Equine holds a 25% stake in Abad Naluri, which is developing PCC on the 260-acre site where the Penang Turf Club is presently located.
The PCC is one of the projects highlighted in the Northern Corridor Economic Region (NCER) blueprint.
Equine executive chairman Datuk Patrick Lim said two award-winning architects, one each from New York and Paris, would design the project.
“Hani Rashid from Asymptote Architecture in New York will design the architecture, which includes two iconic towers, while Nasrine Seraji from Atelier Seraji in Paris will design the master plan,” he told reporters after the launch of the NCER Penang portion blueprint by Prime Minister Datuk Seri Abdullah Ahmad Badawi yesterday.
Lim said the PCC master plan would be unveiled in September while the project would be launched in eight to 12 months.
The first phase would involve the development of a 26-acre park, and road infrastructure to smoothen the traffic flow for the project, he said.
“The park will be connected to the Botanical Garden. We will use the technologies such as thermal treatment, to develop PCC into a carbon-free city,” he said.
“We want to make PCC the first such city in the world. Shanghai is planning to be carbon free, but we are ready to implement the technologies to make it happen in PCC soon.”

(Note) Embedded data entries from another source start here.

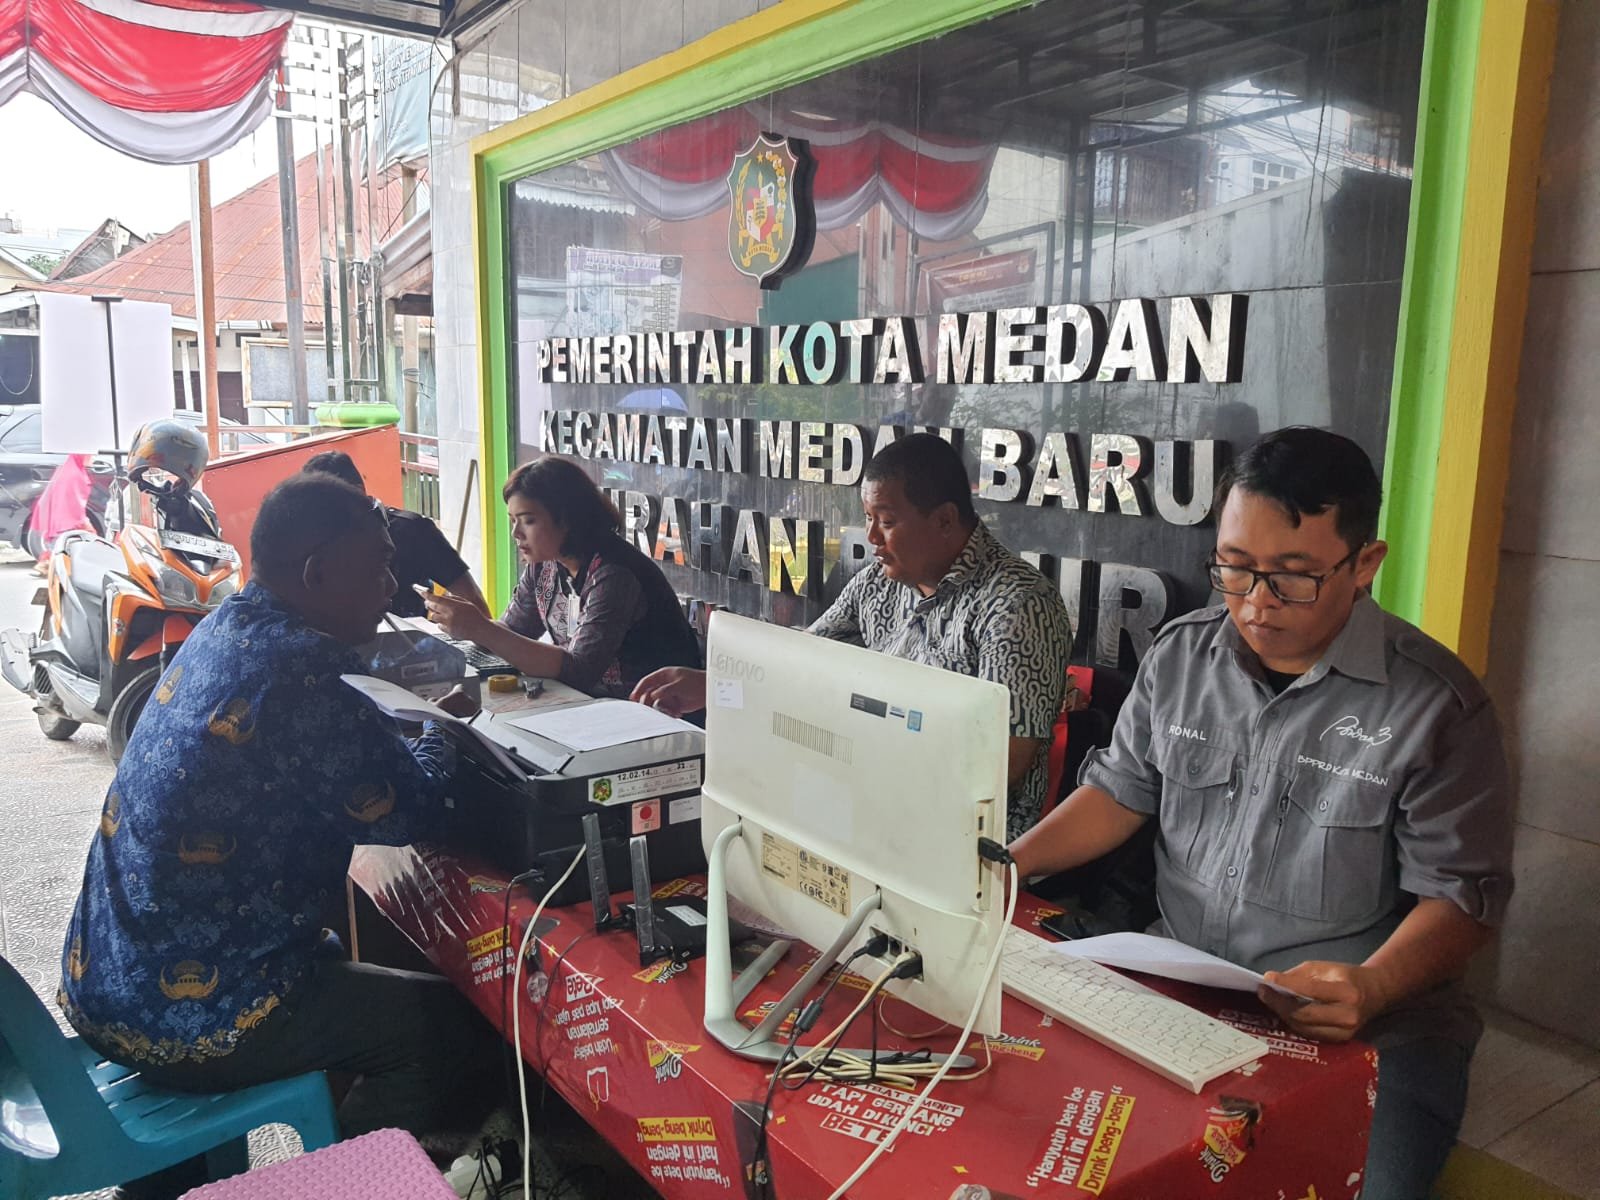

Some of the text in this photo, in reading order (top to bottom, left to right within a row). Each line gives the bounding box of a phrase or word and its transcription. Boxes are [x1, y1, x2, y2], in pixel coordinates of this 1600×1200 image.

[536, 293, 1235, 385] PEMERINTAH KOTA MEDAN
[539, 410, 1215, 526] KECAMATAN MED BARU
[1168, 724, 1208, 741] RONAL
[655, 960, 688, 984] Drink
[987, 1031, 1041, 1047] Drink
[654, 1053, 683, 1085] Drink
[807, 1093, 857, 1115] UDAH
[821, 1082, 867, 1103] TAPI
[1064, 1087, 1084, 1102] loe
[1056, 1103, 1078, 1127] bete
[687, 1118, 714, 1138] Drink
[1052, 1090, 1104, 1184] hari ini dengan
[646, 1144, 719, 1166] hari ini dengan
[1198, 1145, 1230, 1183] Drink
[663, 1165, 683, 1182] bete
[1084, 1157, 1108, 1190] Drink
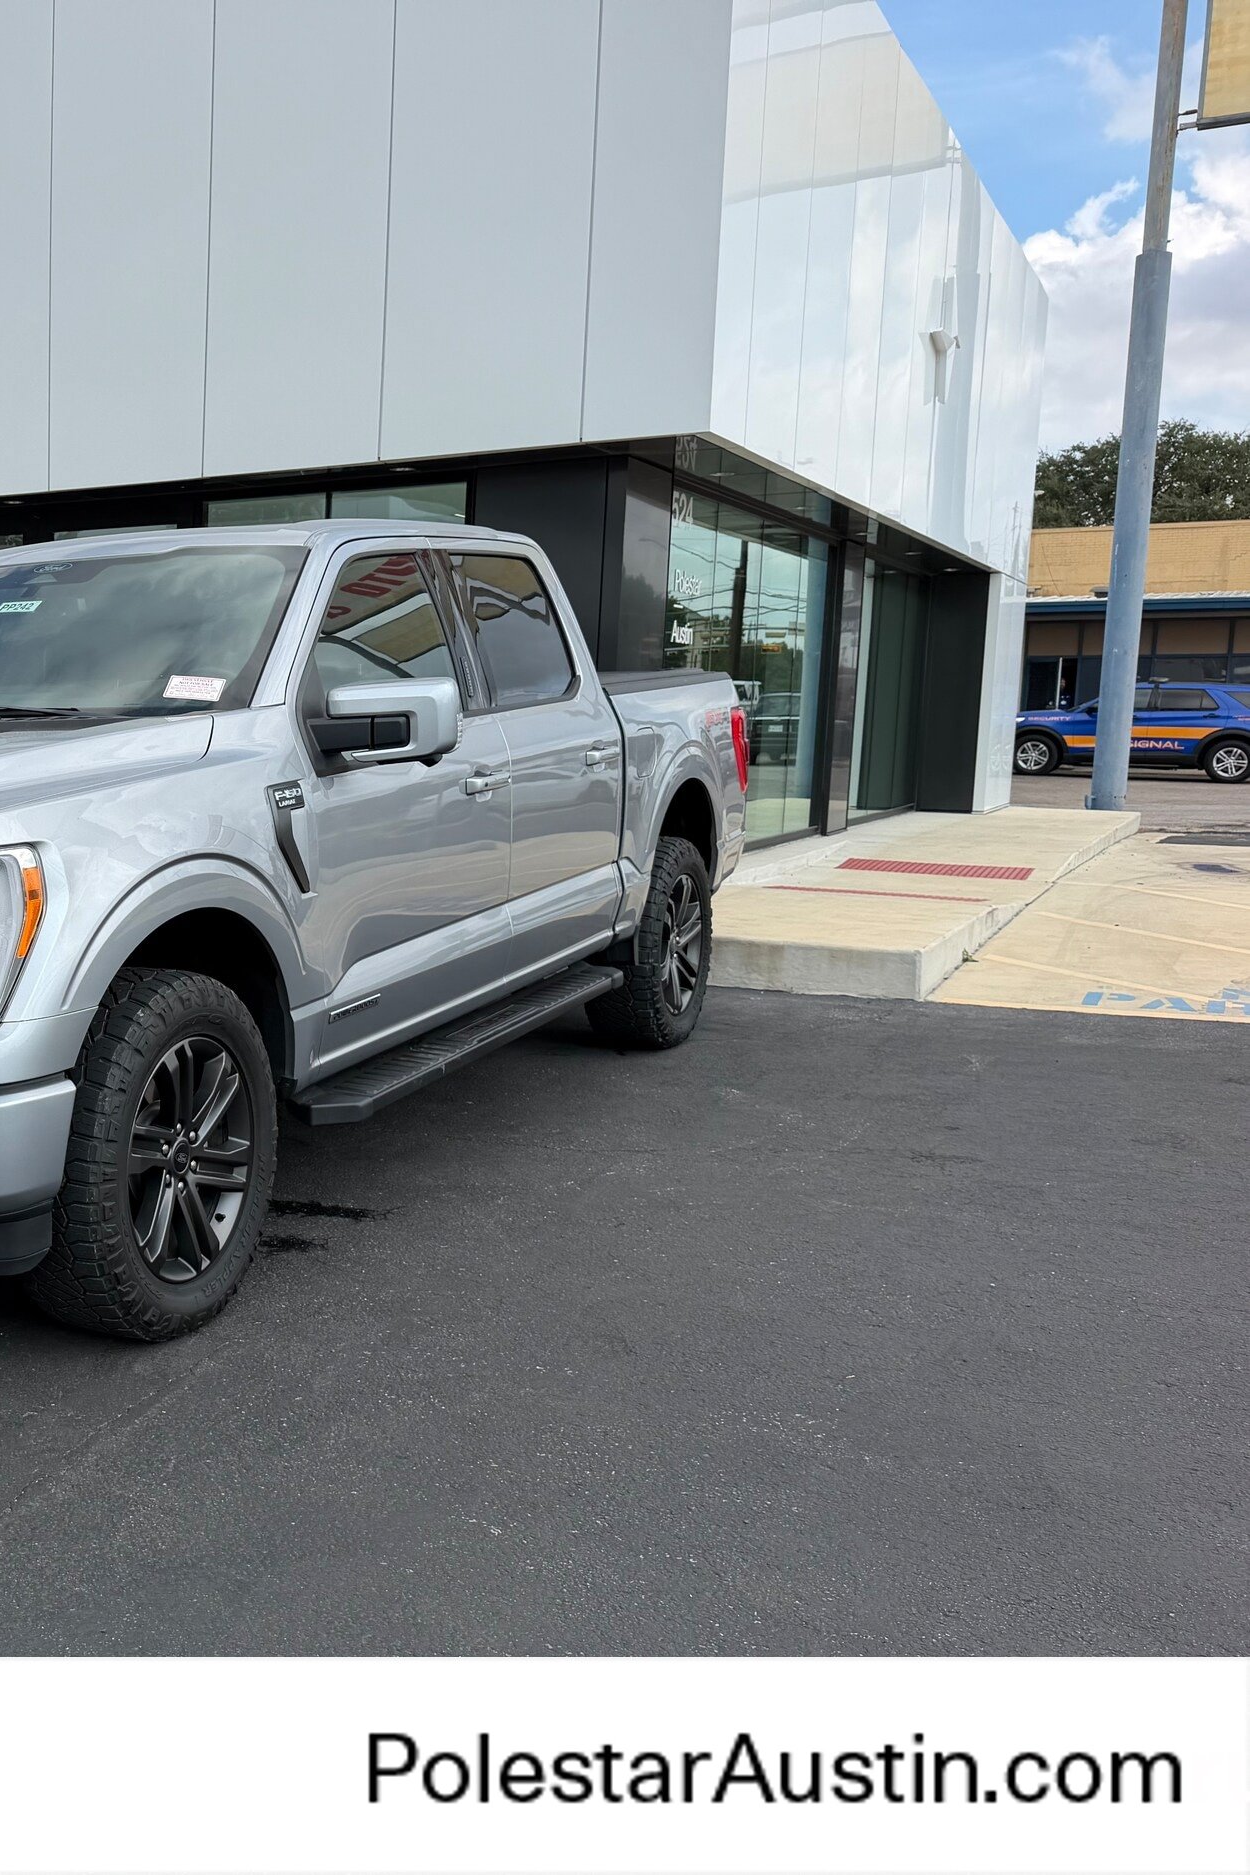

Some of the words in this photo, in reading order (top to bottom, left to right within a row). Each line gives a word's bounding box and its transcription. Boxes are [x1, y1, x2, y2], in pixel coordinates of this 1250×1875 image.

Lim said the PCC project would have two five-star hotels, commercial and residential properties, and a state-of-the-art cultural centre.

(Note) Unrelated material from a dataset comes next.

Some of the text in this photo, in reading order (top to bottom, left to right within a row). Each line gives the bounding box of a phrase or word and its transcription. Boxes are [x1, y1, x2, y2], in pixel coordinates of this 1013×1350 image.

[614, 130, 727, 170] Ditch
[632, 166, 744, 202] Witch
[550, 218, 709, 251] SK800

Lim said there were many options to fund the project, including joint ventures and issuing capital bonds.
“We are also applying for MSC status to attract information and communications technology companies to set up regional offices at the park.”
On the Penang International Equestrian Centre in Batu Kawan, Lim said Abad Naluri would start work on the centre once construction work commenced on the second Penang bridge.